Il morfema è l’unità minima della morfologia, il più piccolo elemento linguistico dotato di
significato. In tren-o ci sono 2 morfemi: il primo “tren-” ci dà un’informazione semantica (radice); il
secondo “-o” ci dà informazioni grammaticali (desinenza, maschile singolare).
Il morfo → a un unico elemento è possibile ricondurre più morfi: esempio al morfema “maschile
singolare” colleghiamo il morfo -o (libro); -e (piede).
Il morfema indica sul piano dei contenuti il significato minimo espresso dal morfo.
Allomorfia → intende l’alternanza di più forme che hanno lo stesso valore morfologico (bello, bei,
begli ecc).
Allomorfi → forme diverse che danno un’unica informazione grammaticale; due morfemi che dal
punto di vista morfologico ci danno lo stesso significato es. “il” e “lo” sono allomorfi per il
morfema dell’articolo determinativo; “in-“, “im-“, “ir-“ sono tutti morfemi di negazione prefisso in
parole come “impossibile”, “inadatto”, “irreprensibile” ecc (in parole come irreprensibile si ha
un’assimilazione regressiva).
I vincoli distribuzionali sono le selezioni a seconda del contesto sintattico (cotesto) es. gli studenti,
i fiori.
IL NOME
Il nome è una parola che ha una funzione referenziale (denotativa) nel discorso: rappresenta e
classifica la realtà extralinguistica. Ha una variabilità morfologica di genere e numero (e caso).

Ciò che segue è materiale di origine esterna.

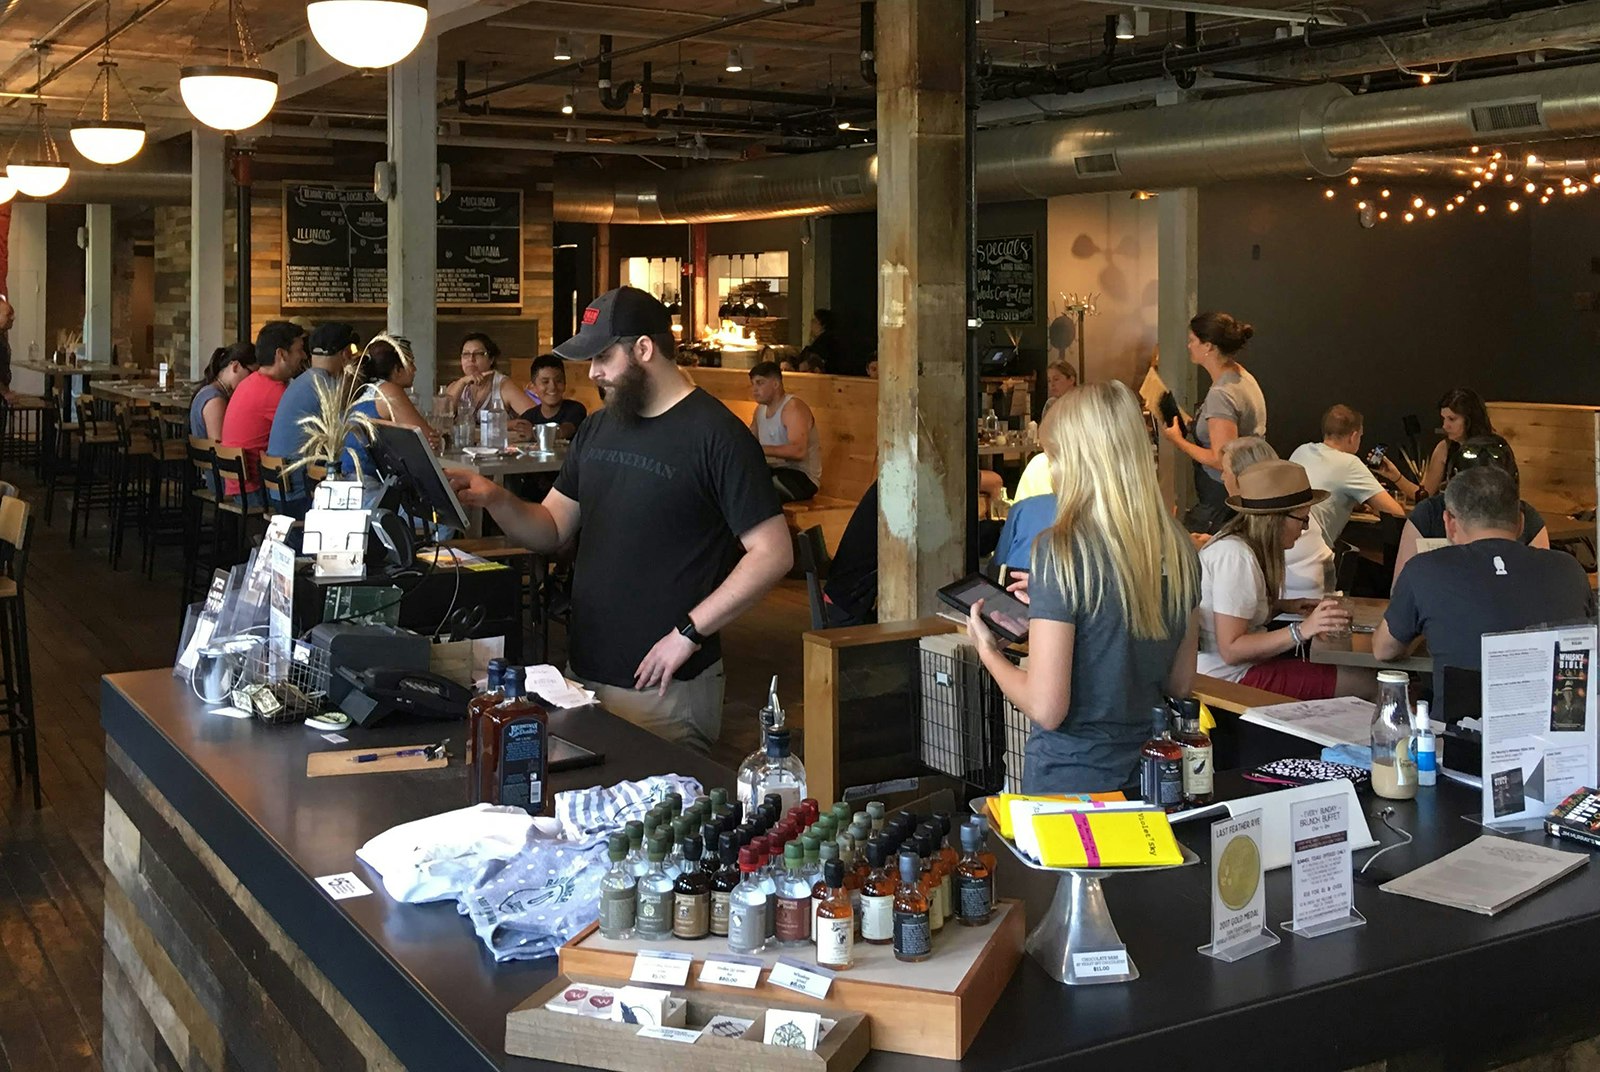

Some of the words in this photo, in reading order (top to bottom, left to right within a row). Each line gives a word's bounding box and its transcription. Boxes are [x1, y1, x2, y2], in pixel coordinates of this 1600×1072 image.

[460, 196, 496, 207] MICHIGAN
[297, 227, 331, 240] ILLINOIS
[469, 245, 500, 257] INDIANA
[1558, 653, 1585, 661] WHISKY
[1559, 661, 1584, 669] BIBLE
[1320, 805, 1337, 815] SUNDAY
[1299, 816, 1320, 828] BRUNCH
[1321, 811, 1340, 823] BUFFET
[1215, 826, 1229, 839] LAST
[1229, 819, 1250, 833] FEATHER
[1250, 816, 1260, 827] RYE
[1230, 913, 1244, 926] GOLD
[1243, 908, 1259, 920] MEDAL

Le classificazioni tradizionali sono:
 nomi propri: Andrea, Rosaria (antroponimi); Napoli, Roma (toponimi); (marchionimo si usa
per i nomi delle marche e negozi)
 nomi comuni: cane, uomo, sedia (si riferiscono a tutta la categoria)
 nomi collettivi: gente, stormo
Il genere in italiano è una categoria grammaticale che nei nomi presenta un certo valore inerente
(che non è condizionato da niente di esterno al lessema o alla forma) es: 3 oggetti che servono alla
stessa cosa hanno 3 forme diverse: sedi-a, sgabell-o e sedil-e. Il genere di ogni parola è definito da
ogni lingua.
Articoli e aggettivi non hanno genere e numero inerente, dipendono dal valore che la categoria
assume nel nome che costituisce la testa del sintagma nominale: il controllore dell’accordo.
Accordo → in una lingua flessiva le parole si accordano tra loro es: l-e sedi-e piccol-e.
Esempi di sbagli d’accordo: associare verbi al plurale con nomi collettivi (la gente arrivava; la
grande parte degli elettori hanno votato).
CLASSI DI FLESSIONE DEI NOMI IN ITALIANO:
1. -o/-i: libro/i, piatto/i
2. -a/-e: casa/e, matita/e
3. -e/-i: fiore/i, tigre/i
4. -a/-i: poeta/i, artista/i
5. -o/-a: uovo/a, lenzuolo/a
6. Invariabile: re, caffè, città
Alcuni nomi sono detti sovrabbondanti: hanno più di un plurale (esempio braccio → braccia,
bracci). Altri sono detti specializzati (fondamento → fondamenta che si riferisce al cemento,
fondamenti che si riferisce alle basi di una disciplina)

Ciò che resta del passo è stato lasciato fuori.